On-demand NFS mounting utility: autofs. Learn what is autofs, why, and when to use autofs and autofs configuration steps in the Linux server.
The first place to manage mount points on any Linux system is /etc/fstab
file. These files mount all listed mount points at the system startup and made them available to the user. Although I explained mainly how autofs
advantages us with NFS mount points, it also works well with native mount points.
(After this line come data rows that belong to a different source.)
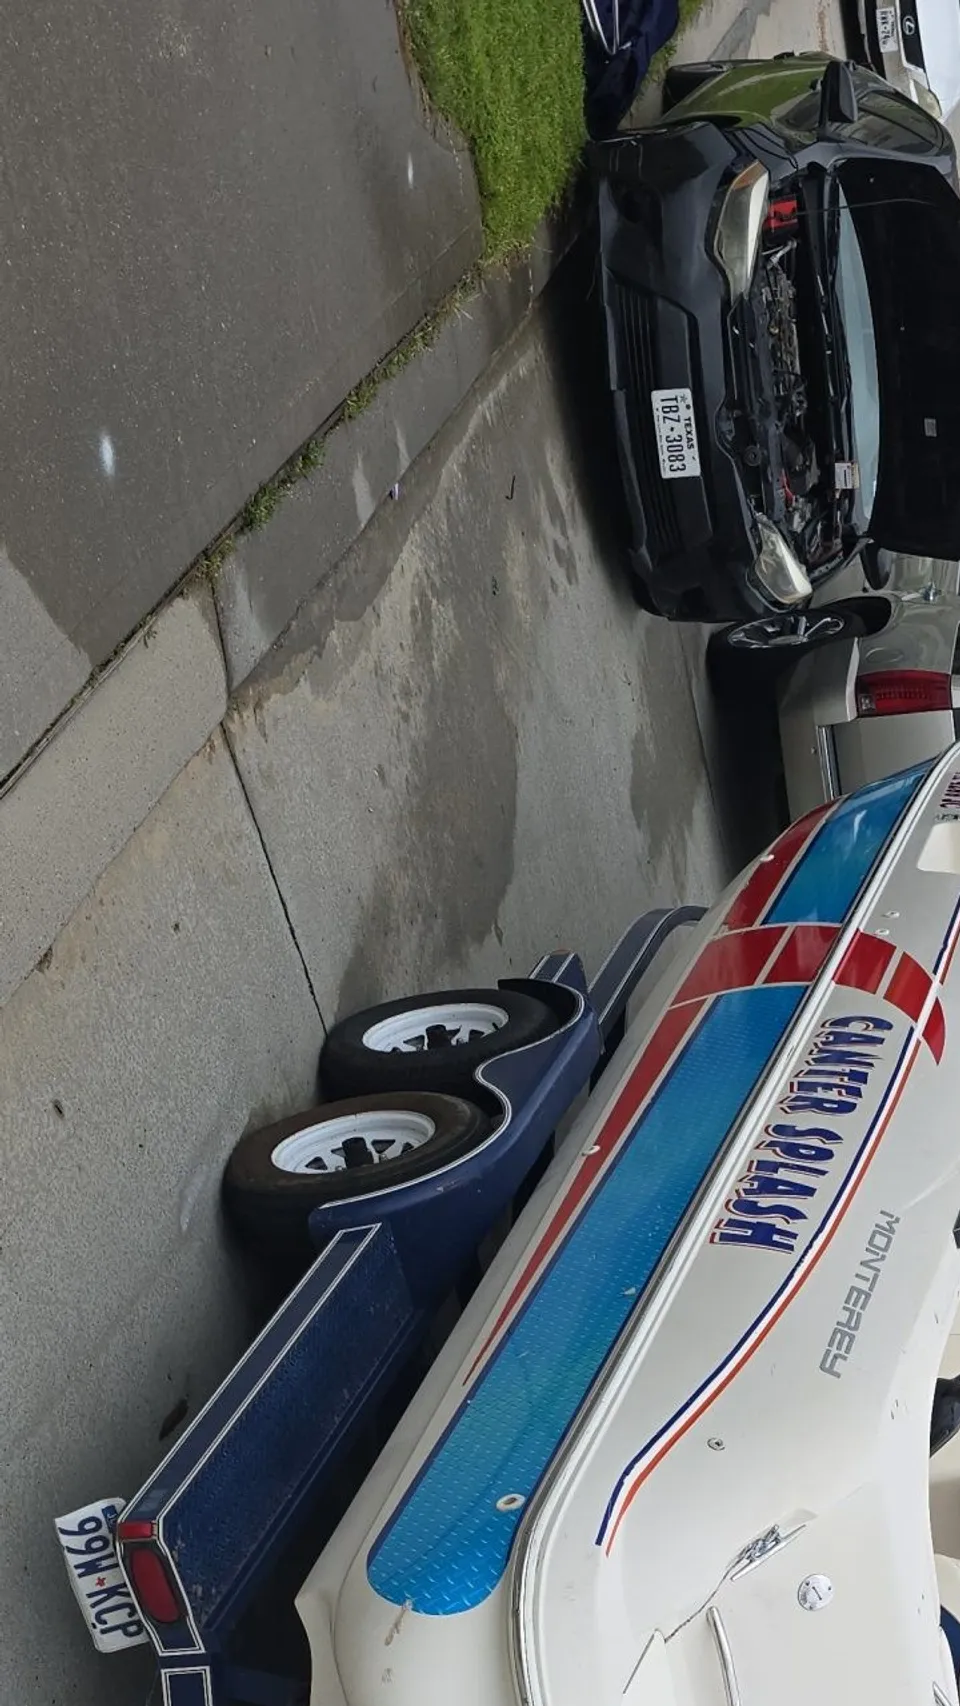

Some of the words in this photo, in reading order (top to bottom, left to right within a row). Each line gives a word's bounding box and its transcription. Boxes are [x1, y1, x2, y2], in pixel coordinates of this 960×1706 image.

[684, 416, 695, 450] TEXAS
[778, 1016, 894, 1116] CANTER
[708, 1123, 844, 1255] SPLASH
[818, 1209, 901, 1379] MONTEREY
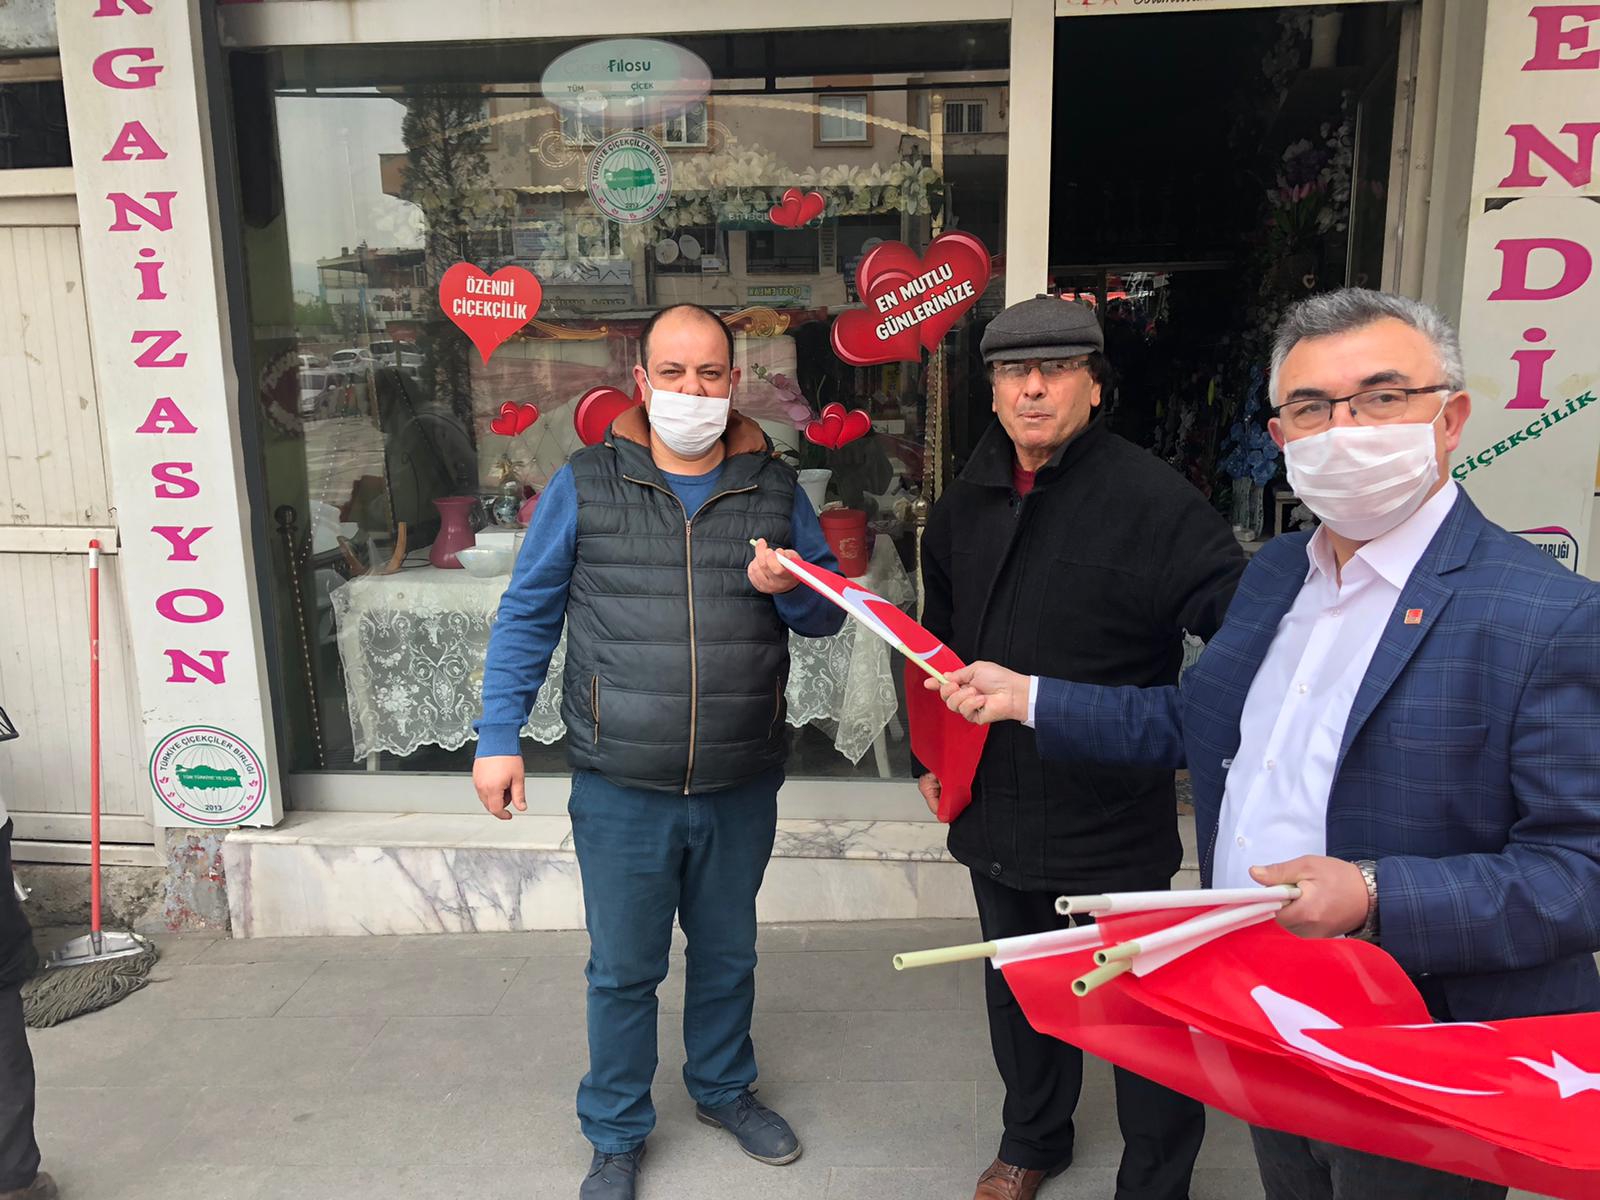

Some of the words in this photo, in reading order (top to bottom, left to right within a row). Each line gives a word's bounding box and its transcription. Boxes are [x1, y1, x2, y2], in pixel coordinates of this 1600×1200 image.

[592, 149, 609, 180] TÜRKİYE
[466, 275, 515, 297] ÖZENDİ
[875, 291, 899, 314] EN
[899, 263, 953, 302] MUTLU
[452, 297, 527, 320] ÇİÇEKÇİLİK
[875, 280, 976, 341] GÜNLERİNİZE
[1451, 390, 1598, 482] ÇİÇEKÇİLİK
[160, 743, 181, 771] TÜRKİYE
[181, 735, 233, 749] ÇİÇEKÇİLER
[233, 748, 256, 775] BİRLİĞİ
NFS mount points are also part of it. Now, the issue is even if users don’t access NFS mount points they are still mounted by /etc/fstab
and leech some system resources in the background continuously. Like NFS services need to check connectivity, permissions, etc details of these mount points in the background continuously. If these NFS mounts are considerably high in numbers then managing them through /etc/fstab
will be a major drawback since you are allotting major system resource chunk to system portion which is not frequently used by users.
Why use AutoFS?
In such a scenario, AutoFS comes in picture. AutoFS is on-demand NFS mounting facility. In short, it mounts NFS mount points when a user tries to access them. Again once time hits timeout value (since last activity on that NFS mount), it will automatically un-mount that NFS mount saving system resources serving idle mount point.
It also reduces your system boot time since the mounting task is done after system boot and when the user demands it.
When use AutoFS?
- If your system is having a large number of mount points
- Many of them are not being used frequently
- The system is tight on resources and every single piece of system resource counts
AutoFS configuration steps
First, you need to install package autofs using yum or apt. The main configuration file for autofs is /etc/auto.master
which is also called a mast map file. This file has autofs controlled mount points details. The master file follows below format :
mount_point map_file options
where –
- mount_point is a directory on which mounts should be mounted
- map_file (automounter map file) is a file containing a list of mount points and their file systems from which they should be mounted
- options are extra options to be applied on mount_point
Sample master map file looks like one below :
/my_auto_mount /etc/auto.misc --timeout=60
In above sample, mount points defined under /etc/auto.misc
files can be mounted on /my_auto_mount
directory with timeout value 60 sec.
Parameter map_file (automounter map file) in the above master map file is also a configuration file which has below format :
mount_point options source_location
where –
- mount_point is a directory on which mounts should be mounted
- options are mounting options
- source_location is FS or NFS path from where the mount will be mounted
Sample automounter map file looks like one below :
linux -ro,soft,intr ftp.example.org:/pub/linux
data1 -fstype=ext3 :/dev/fd0
Users should be aware of the share path. Means, in our case,
/my_auto_mount
and Linux, data1 these paths should be known to users in order to access them.
In all both these configuration file collectively tells :
Whenever user tries to access mount point Linux or data1 –
- autofs checks data1 source (
/dev/fs0
) with option (-fstype=ext3
) - mounts data1 on
/my_auto_mount/data1
- Un-mounts
/my_auto_mount/data1
when there is no activity on mount for 60 secs
Once you are done with configuring your required mounts you can start autofs service. Reload its configurations :
# /etc/init.d/autofs reload
Reloading maps
That’s it! Configuration is done!
Testing AutoFS configuration
Once you reload configuration, check and you will notice autofs defined mount points are not mounted on systems (output of df -h
).
Now cd
into /my_auto_mount/data1
and you will be presented with a listing of the content of data1 from /dev/fd0
!
Another way is to use watch utility in another session and keep watch on command mount. As you execute commands, you will see mount point is mounted on system and after timeout value it’s un-mounted!